Now, in my own advanced age, I find myself missing the old man and wishing he'd taken the damn medical tests so I could have had him around a few more years. And my mother, who's closing in on 97, misses him, too—despite their 56 years of bickering about everything. That's just the way it goes. The lucky ones get old and some of them do make it to 100.

 

So, on the occasion of my father's 100th birthday, I'll leave you with an excerpt of A Brooklyn Memoir. This is how Chapter 11, "Fragments of My Father," begins:

 

Yes, my father wore his hatred on his sleeve like a badge of honor—because that's what he wanted people to see. He thought it made him look like a tough son of a bitch who was not to be fucked with, and maybe it did.
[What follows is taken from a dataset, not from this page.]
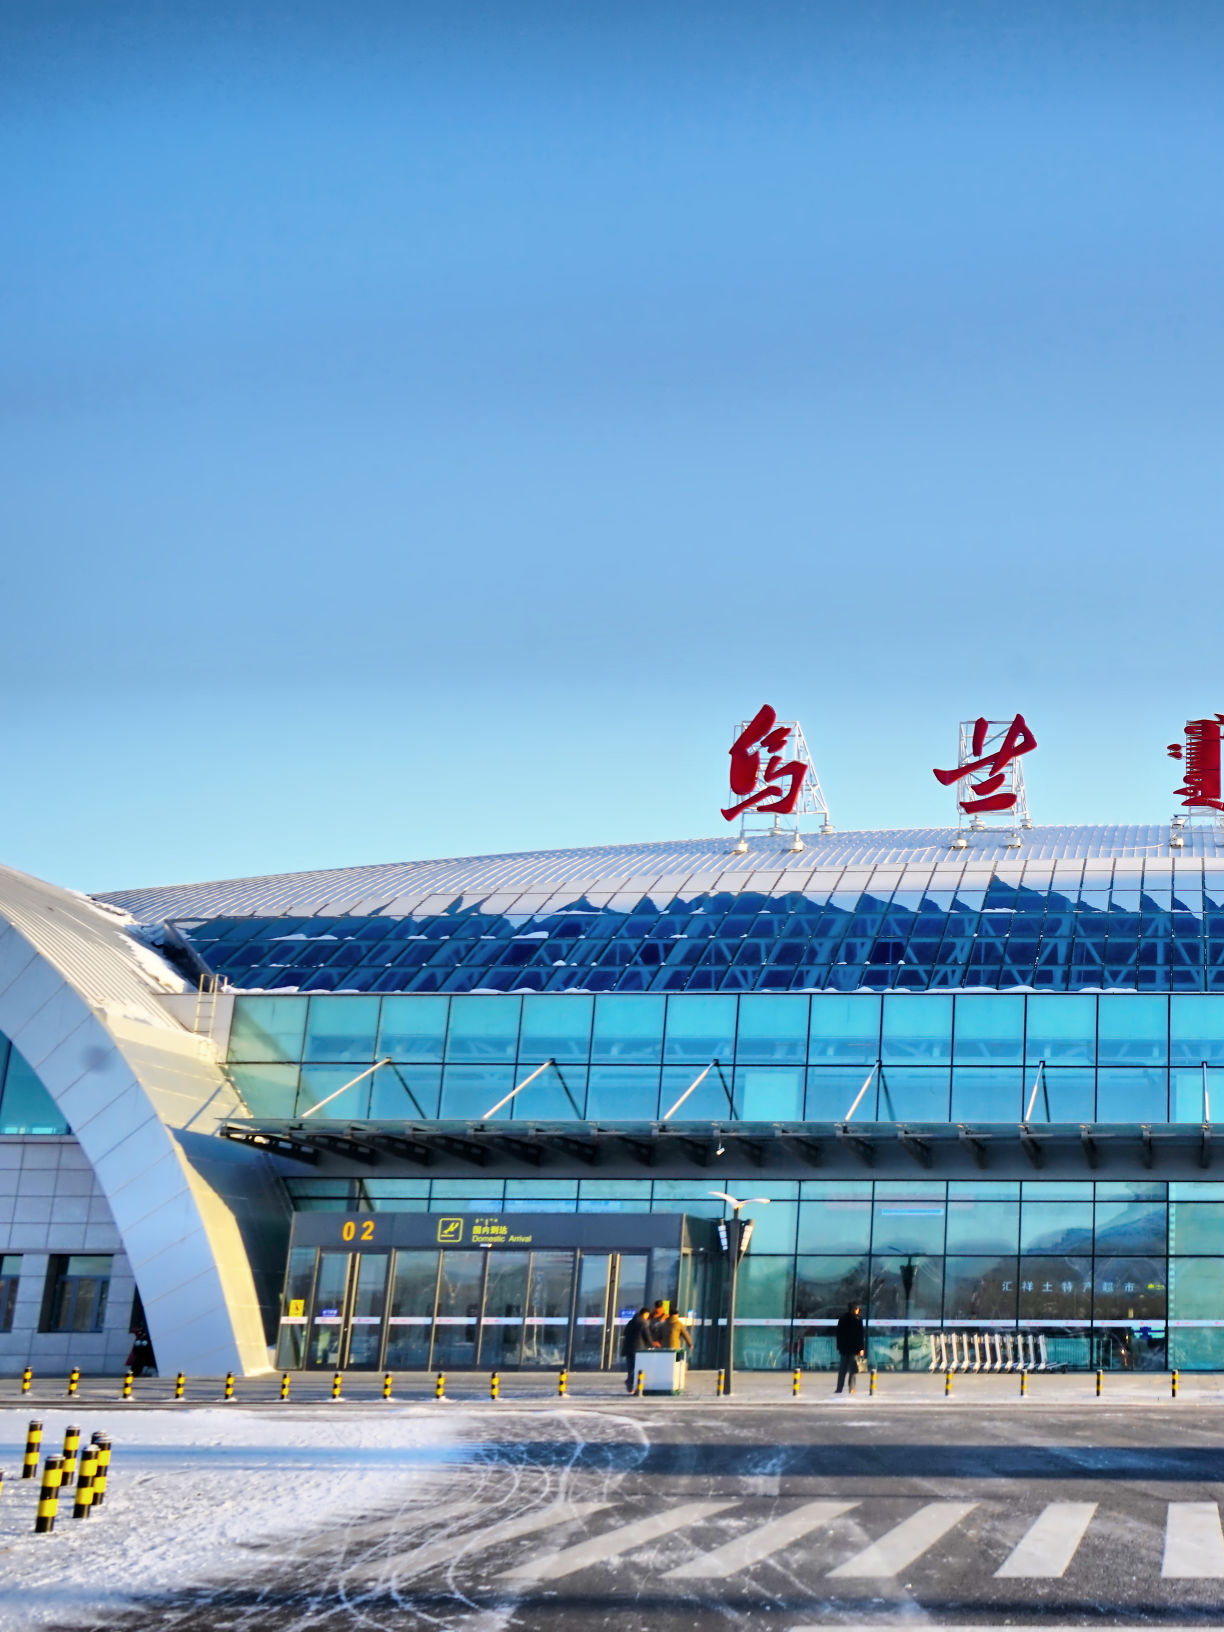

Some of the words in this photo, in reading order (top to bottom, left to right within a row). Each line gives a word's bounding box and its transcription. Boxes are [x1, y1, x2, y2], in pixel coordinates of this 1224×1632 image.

[472, 1235, 506, 1243] Domestic
[508, 1235, 532, 1243] Arrival
[1002, 1281, 1136, 1293] 汇祥土特产超市
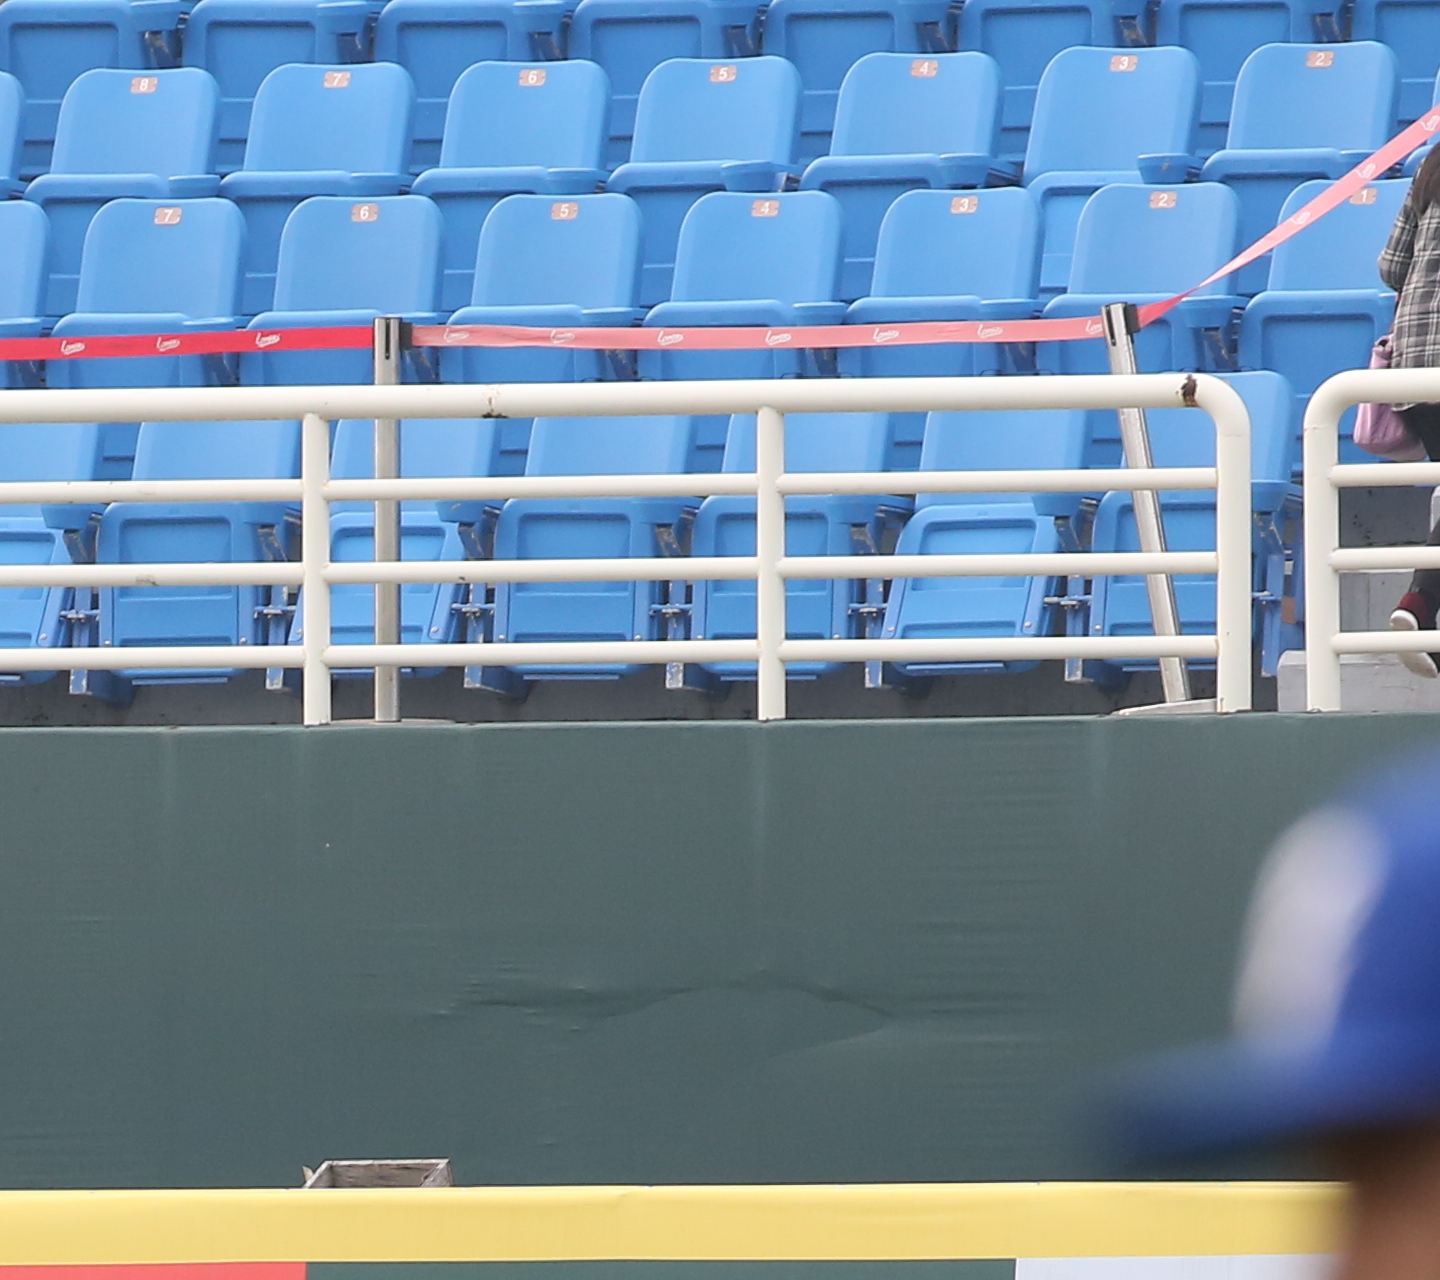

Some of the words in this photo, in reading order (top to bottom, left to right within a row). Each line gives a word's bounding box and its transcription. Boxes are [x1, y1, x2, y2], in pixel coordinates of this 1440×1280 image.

But it was possible for certain people—like me, my mother, and perhaps a few others—to occasionally get beyond this facade, and if you managed to do that, what you'd find lurking just beneath the surface was a seething mass of contradictions.

________

Please join me for a discussion of Nowhere Man: The Final Days of John Lennon on Wednesday, October 4, 6 p.m., at Subterranean Books in St. Louis.

 

All my books are available on Amazon, all other online bookstores, and at your local brick-and-mortar bookstore.

 

I invite you to join me on Facebook or follow me on X (the site formerly known as Twitter) or my eternally embryonic Instagram.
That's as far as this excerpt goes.